* Task instructions: Exactly as written, transcribe the data that follows.

Provided records START

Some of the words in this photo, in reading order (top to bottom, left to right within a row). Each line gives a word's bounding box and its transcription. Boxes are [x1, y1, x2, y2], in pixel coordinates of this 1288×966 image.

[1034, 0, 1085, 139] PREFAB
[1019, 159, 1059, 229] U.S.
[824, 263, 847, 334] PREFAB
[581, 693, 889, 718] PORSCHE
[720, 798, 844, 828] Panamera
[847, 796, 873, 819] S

Provided records END

* Response to this task:
Some of the words in this photo, in reading order (top to bottom, left to right within a row). Each line gives a word's bounding box and its transcription. Boxes are [x1, y1, x2, y2], in pixel coordinates of this 1288×966 image.

[1034, 0, 1085, 139] PREFAB
[1019, 159, 1059, 229] U.S.
[824, 263, 847, 334] PREFAB
[581, 693, 889, 718] PORSCHE
[720, 798, 844, 828] Panamera
[847, 796, 873, 819] S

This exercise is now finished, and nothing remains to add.